The resulting particles were nearly refractive index-matched to 80 (w/w)% glycerol in water, such that suspensions could be imaged at least 65 μm into the sample using a confocal microscope. The particles were density matched to the solvent, such that centrifuging a ϕ≈ 0.05 suspension for 30 min at 5,000 g did not result in any visible changes to the sample.

2.2. Zeta Potential

We measured the zeta potential of the particles using a Nicomp 380 ZLS zeta sizer (Particle Sizing Systems, Port Richey, FL). The particles were diluted in 9.5 mM Tris buffer (pH ≈ 7.5) to ϕ ≈ 0.001.

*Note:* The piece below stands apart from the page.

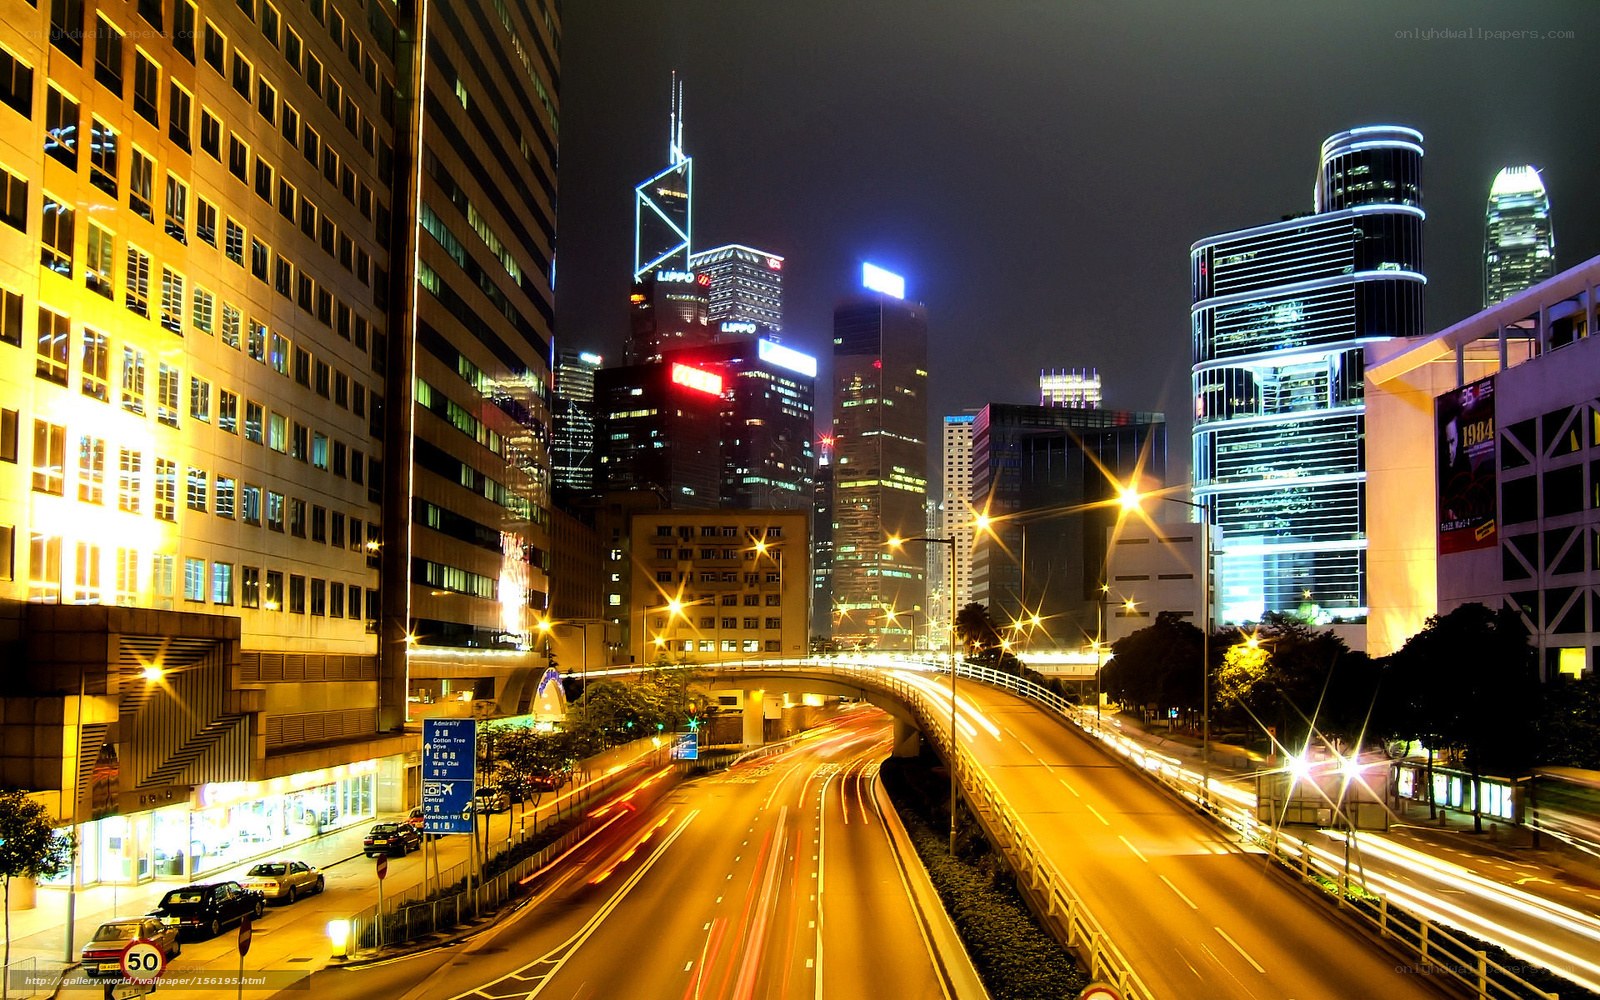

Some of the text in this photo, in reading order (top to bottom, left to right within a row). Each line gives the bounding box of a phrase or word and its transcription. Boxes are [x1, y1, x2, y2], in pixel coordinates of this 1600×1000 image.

[657, 270, 695, 284] LIPPO
[721, 322, 757, 334] LIPPO
[1462, 417, 1494, 447] 1984
[127, 953, 158, 971] 50
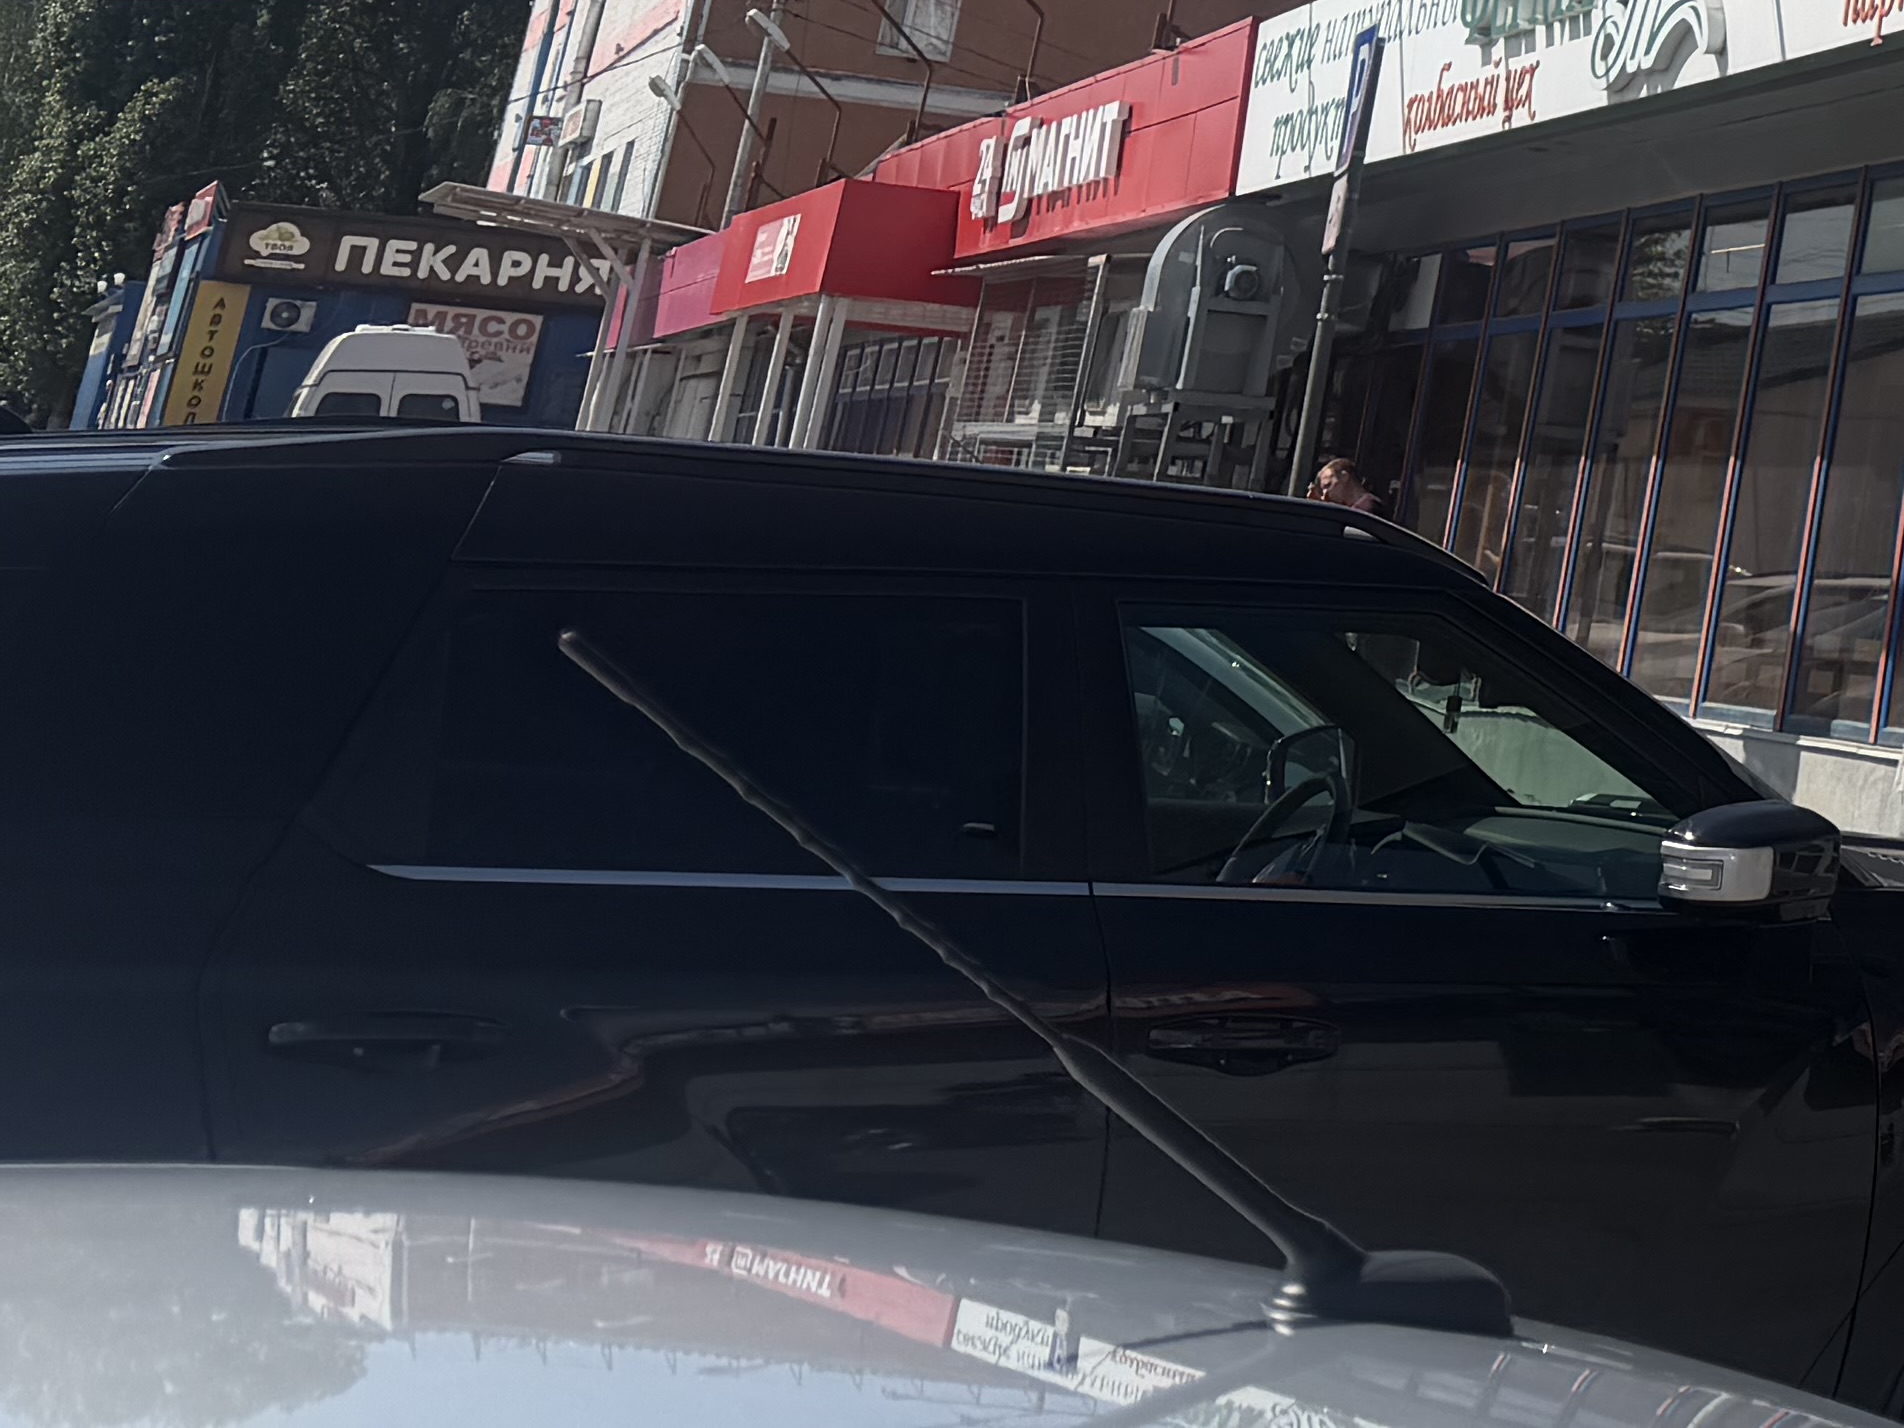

2.3. Sample Preparation for Microscopy and Rheology

Stock solutions of solvent, polymer, and salt were mixed with the particle stock suspension to make 0.5 mL of final samples for microscopy of varying concentrations of each component. The solvent was 80 (w/w)% glycerol in deionized water (MilliQ, Millipore). Polyacrylamide (PAM, Polymer Source, Mw = 185.7 kDa, Mw/Mn = 1.40) and sodium chloride (NaCl, Macron Fine Chemicals) were dissolved in the solvent to make stock polymer and salt solutions, respectively. The final concentrations of PAM in the suspensions were calculated in the free volume [20, 58, 59]. The measured overlap concentration of this polymer in 80 (w/w)% glycerol in water with 20 mM NaCl was 9.93 mg mL−1. We targeted PAM concentrations of 1.75, 5, and 12 mg mL−1, which corresponded to normalized concentrations c/c* of approximately 0.2, 0.5, and 1.2. After adding each component to a sample vial, the vial was mixed gently using tumbling and/or rolling mixers. Approximately 100 μL of each sample was sealed in a glass chamber made from coverglass and UV-curable adhesive (Norland Optical). Larger volumes of sample (at least 3 mL) were prepared similarly for rheology. If the mixing procedure entrained bubbles into the sample, the vial was centrifuged at 2,000 g for 2–3 min to cream bubbles for removal.

2.4. Confocal Microscopy

A VT Eye confocal scanhead (Visitech, Sunderland, U.K.) connected to a Leica DMI 4000 microscope (Leica Microsystems, Buffalo Grove, IL) equipped with a 100X oil-immersion objective (numerical aperture of 1.4) was used to image all samples. For measurements of the 3-D structure, a series of 2-D images was captured at vertical (z) spacings of 0.1 μm per step at heights of 25 μm to 65 μm above the bottom of the sample. At least ten and two such z-stacks were collected for each sample at ϕ = 0.05 and 0.30, respectively. To determine the interaction energy between the particles, 50 z-stacks were collected for two concentrations of NaCl (22 and 51 mM) at ϕ = 0.01 with no added polymer. To calculate the radial distribution function g(r), we used available algorithms in IDL [3] to locate the centers of particles to submicron accuracy.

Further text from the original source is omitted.